Thank you for checking sir...I will give this a shot and see how it goes....

I am trying to get a nice honey/amber color....so far I have either gotten it too red, too yellow or too brown......I'll keep plugging away......:thumbsup:


----------



## cabinetman (Jul 5, 2007)

Tom5151 said:


> I tried mixing the tint with MS and for some reason it just doesn't mix very well. I stirred and mixed for quite a while and it just never mixed in well.


That's odd. Maybe I used something else. It was sometime in the last century. :laughing: 

Try:

Lacquer thinner/acetone
2-Butoxyethanol
Methyl ethyl ketone
VM&P naptha
Turpentine
Xylene
Ethylbenzene

One of these is likely to work.










 







.


----------



## chemmy (Dec 13, 2011)

Tom5151 said:


> Thank you for checking sir...I will give this a shot and see how it goes....
> 
> I am trying to get a nice honey/amber color....so far I have either gotten it too red, too yellow or too brown......I'll keep plugging away......:thumbsup:


Tell you the truth Tom, you'd be better off with oil pigments, think artist type. black and orange and yellow is all you should need, save the tinnts you have for making a wood stain instead ok?:yes:

Some universal tints just are not really "universal" lol, i would have suggested xylol next like C'man if the PGT didn't work but i'm sure it will.


----------



## Tom5151 (Nov 21, 2008)

cabinetman said:


> That's odd. Maybe I used something else. It was sometime in the last century. :laughing:
> 
> Try:
> 
> ...


LOL.....I have several of those so i will try them as well......thank you sir


----------



## Tom5151 (Nov 21, 2008)

chemmy said:


> Tell you the truth Tom, you'd be better off with oil pigments, think artist type. black and orange and yellow is all you should need, save the tinnts you have for making a wood stain instead ok?:yes:


oil pigments?.....hmmmmmmmm....i assume these get mixed in with the poly?....are they readily available and fully soluable in poly?...any particular one you would suggest?


----------



## chemmy (Dec 13, 2011)

Tom5151 said:


> oil pigments?.....hmmmmmmmm....i assume these get mixed in with the poly?....are they readily available and fully soluable in poly?

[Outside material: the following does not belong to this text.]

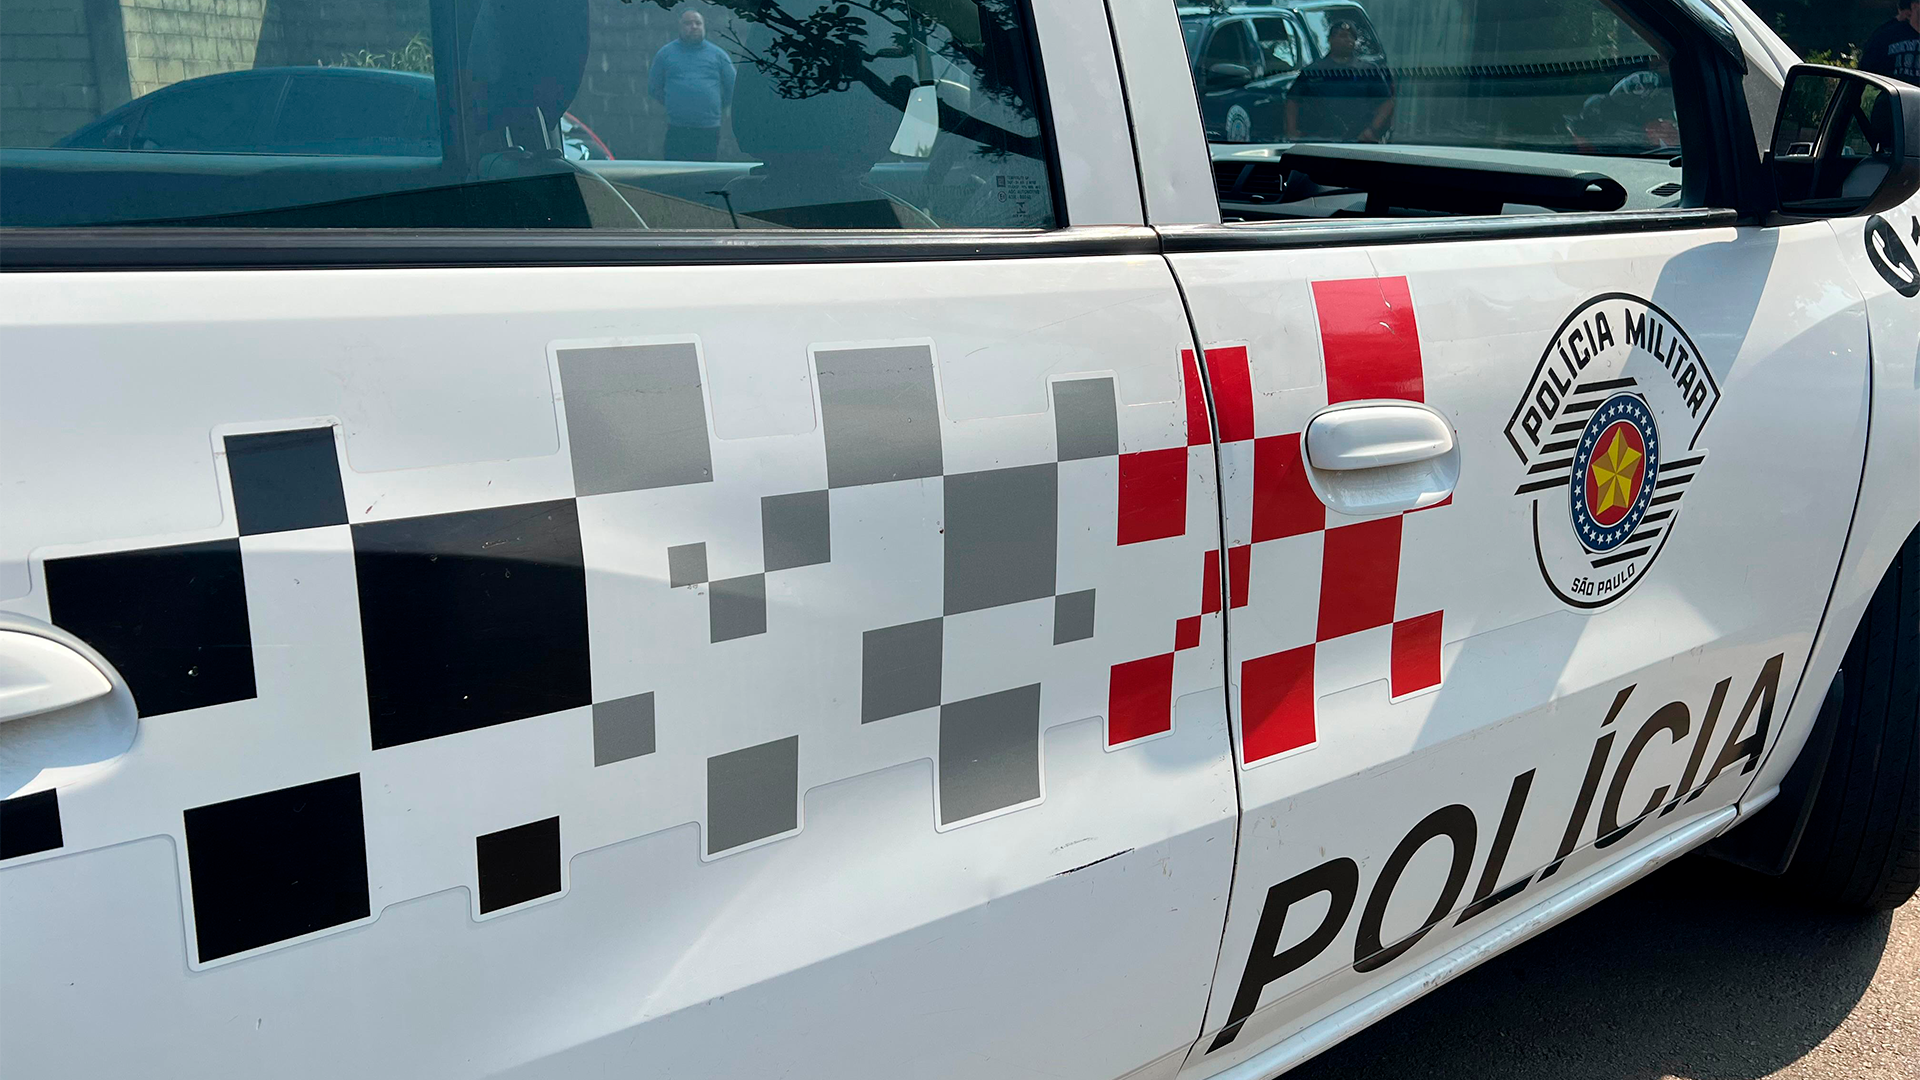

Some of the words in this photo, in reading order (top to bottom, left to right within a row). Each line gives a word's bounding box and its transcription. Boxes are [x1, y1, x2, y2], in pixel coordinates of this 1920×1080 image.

Should find them at any art store, pearls, dick blick or others. Yes they are already in linseed oil so fully compatible especially in small added amounts, wouldn't use them in large amounts though since its raw oil not boiled unless i :yes:added japan dryer.


----------



## Tom5151 (Nov 21, 2008)

chemmy said:


> Should find them at any art store, pearls, dick blick or others. Yes they are already in linseed oil so fully compatible especially in small added amounts, wouldn't use them in large amounts though since its raw oil not boiled unless i :yes:added japan dryer.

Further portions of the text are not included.